▸ PROBLEM TO SOLVE: Each record, minus any picture, should be returned exactly as written.

Free-text object descriptions
━━━
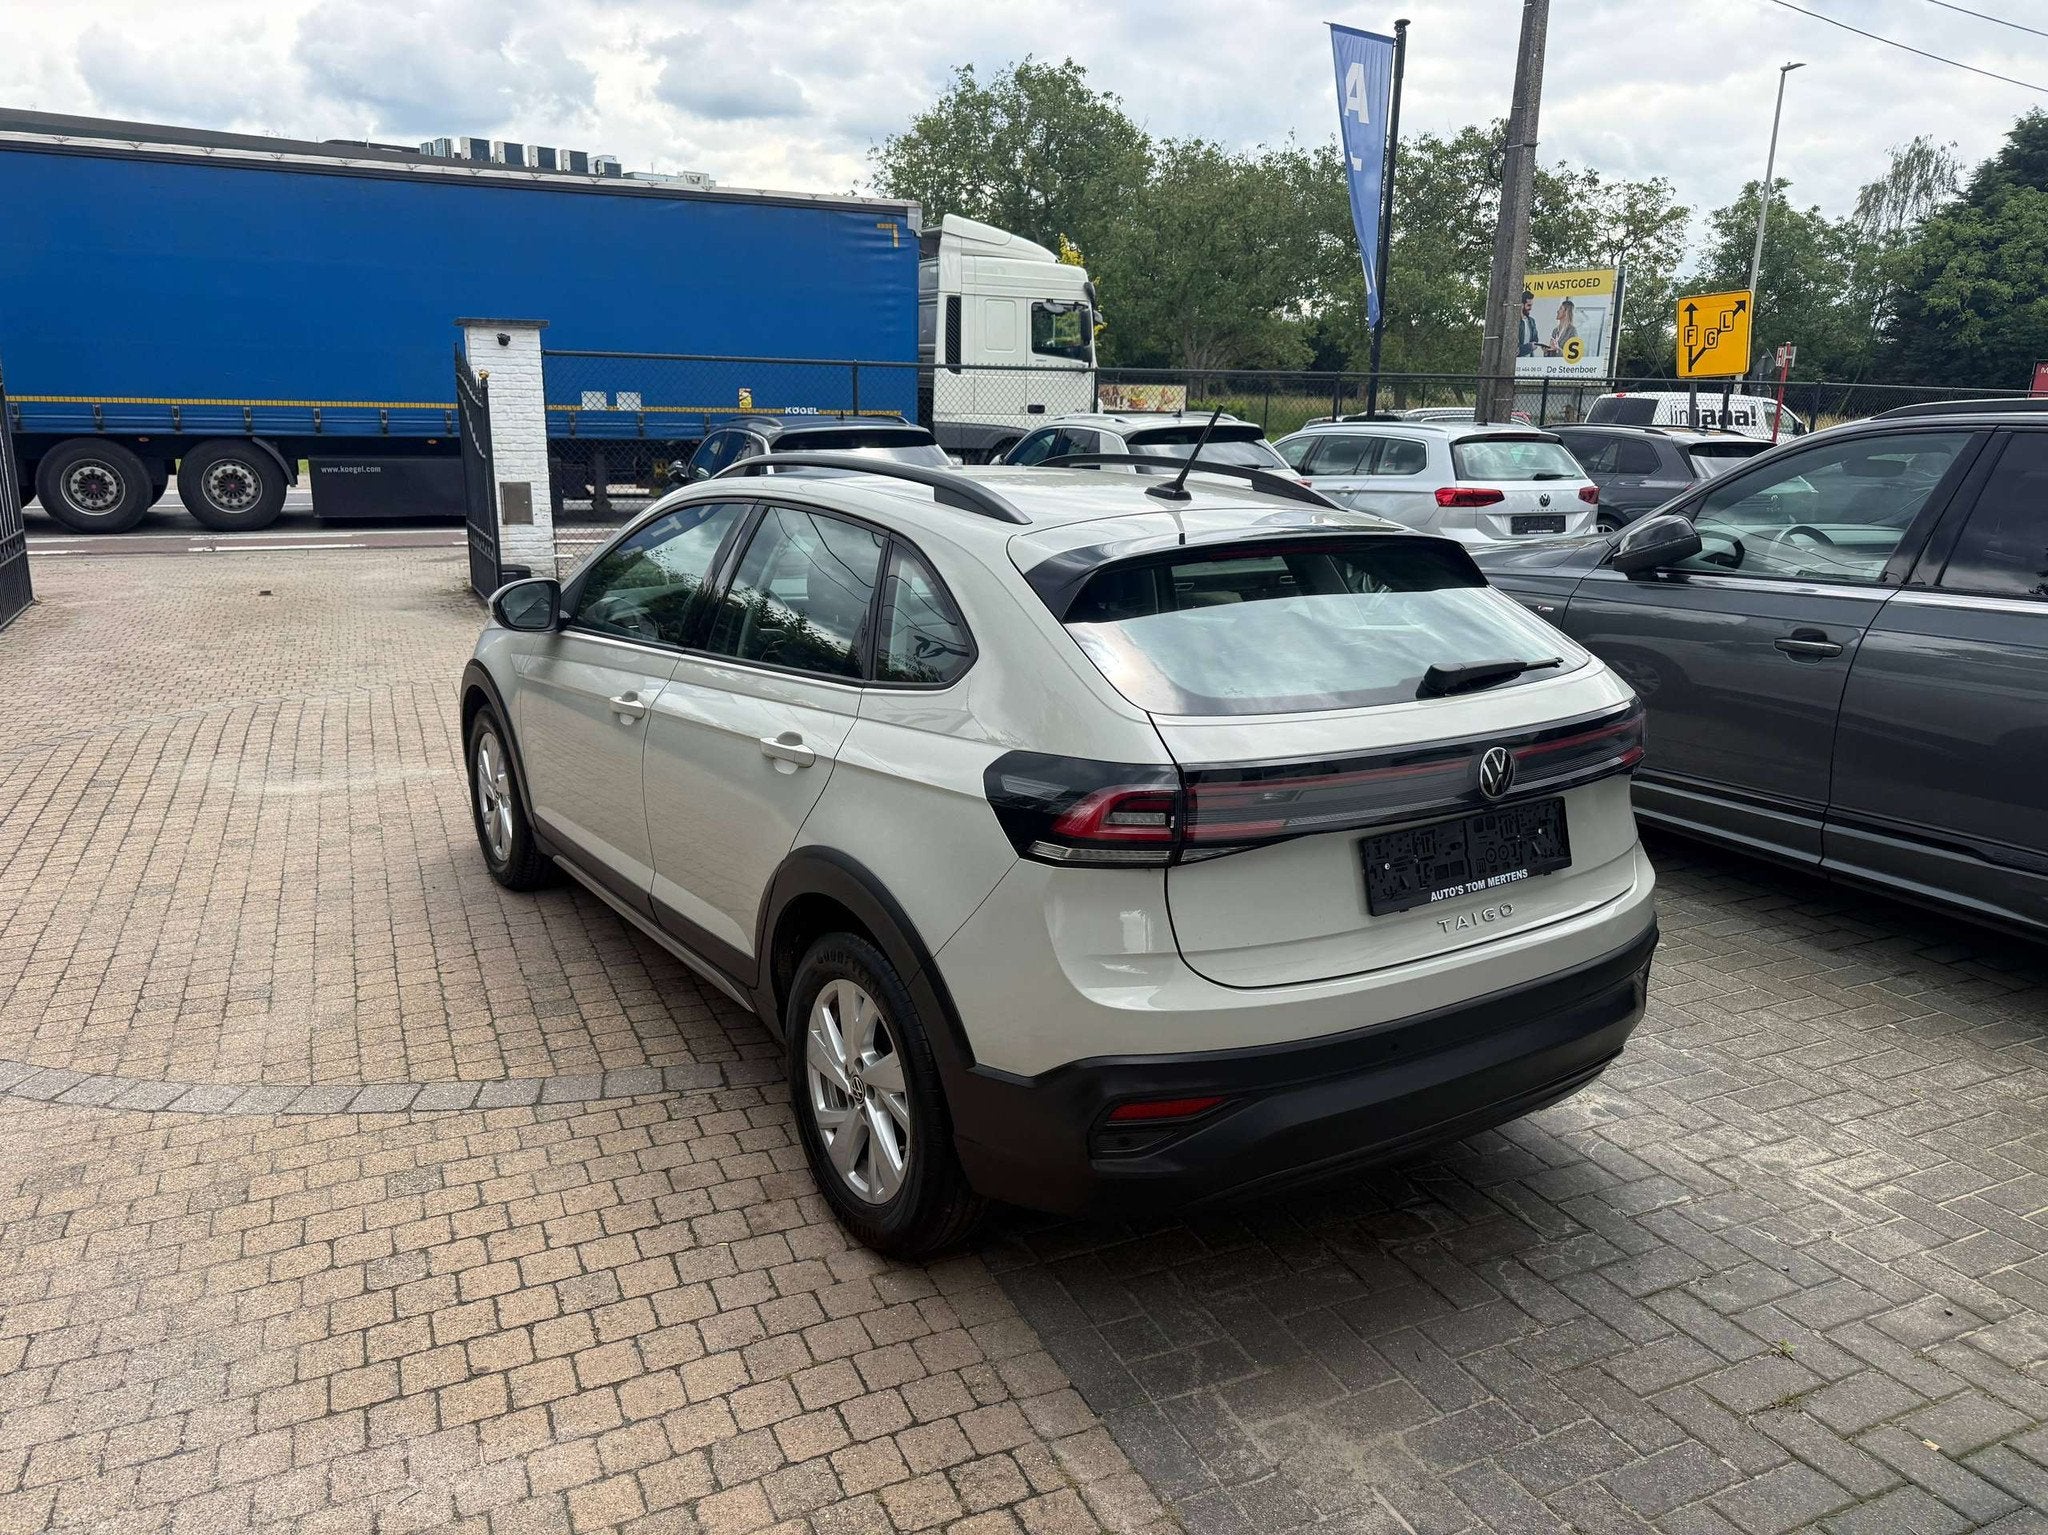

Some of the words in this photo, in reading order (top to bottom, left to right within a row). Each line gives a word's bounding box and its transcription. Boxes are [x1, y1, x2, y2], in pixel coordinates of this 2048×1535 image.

[1533, 281, 1544, 291] IN
[1546, 277, 1601, 290] VASTGOED
[1722, 313, 1731, 329] L
[1686, 328, 1695, 343] F
[1706, 331, 1716, 346] G
[1546, 365, 1557, 374] De
[1558, 365, 1597, 374] Steenboer
[320, 466, 381, 474] www.koegel.com
[1430, 885, 1465, 902] AUTO'S
[1465, 879, 1486, 893] TOM
[1487, 868, 1528, 888] MERTENS
[1437, 902, 1514, 933] TAIGO
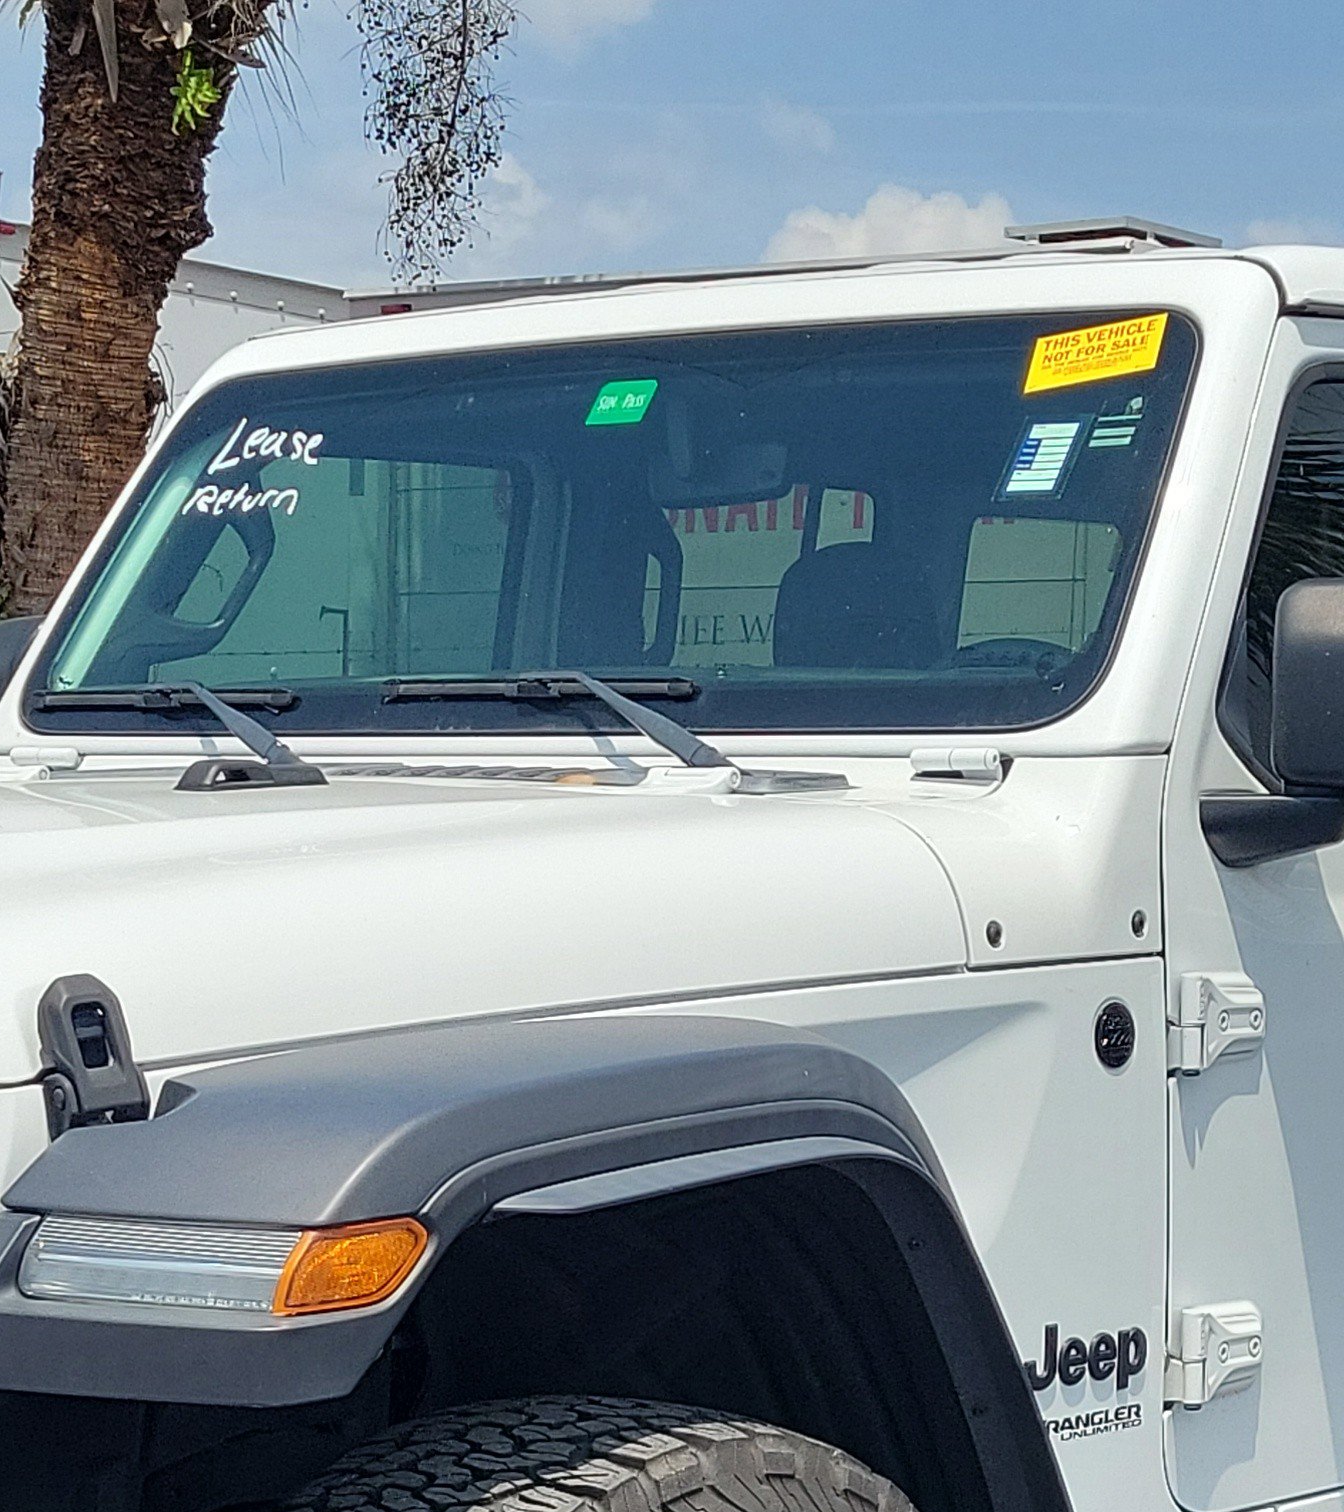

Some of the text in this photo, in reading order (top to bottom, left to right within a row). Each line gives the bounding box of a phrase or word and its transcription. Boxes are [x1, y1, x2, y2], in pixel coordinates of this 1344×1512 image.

[1043, 319, 1159, 352] THIS VEHICLE
[1042, 351, 1070, 364] NOT
[1076, 344, 1106, 357] FOR
[207, 417, 324, 475] Lease
[1023, 1323, 1147, 1391] Jeep
[1042, 1403, 1142, 1434] RANGLER
[1060, 1419, 1142, 1441] UNLIMITED
━━━
▸ SOLUTION:
Some of the words in this photo, in reading order (top to bottom, left to right within a row). Each line gives a word's bounding box and its transcription. Boxes are [x1, y1, x2, y2], in pixel coordinates of this 2048×1535 image.

[1533, 281, 1544, 291] IN
[1546, 277, 1601, 290] VASTGOED
[1722, 313, 1731, 329] L
[1686, 328, 1695, 343] F
[1706, 331, 1716, 346] G
[1546, 365, 1557, 374] De
[1558, 365, 1597, 374] Steenboer
[320, 466, 381, 474] www.koegel.com
[1430, 885, 1465, 902] AUTO'S
[1465, 879, 1486, 893] TOM
[1487, 868, 1528, 888] MERTENS
[1437, 902, 1514, 933] TAIGO

Some of the text in this photo, in reading order (top to bottom, left to right within a row). Each line gives the bounding box of a phrase or word and its transcription. Boxes are [x1, y1, x2, y2], in pixel coordinates of this 1344×1512 image.

[1043, 319, 1159, 352] THIS VEHICLE
[1042, 351, 1070, 364] NOT
[1076, 344, 1106, 357] FOR
[207, 417, 324, 475] Lease
[1023, 1323, 1147, 1391] Jeep
[1042, 1403, 1142, 1434] RANGLER
[1060, 1419, 1142, 1441] UNLIMITED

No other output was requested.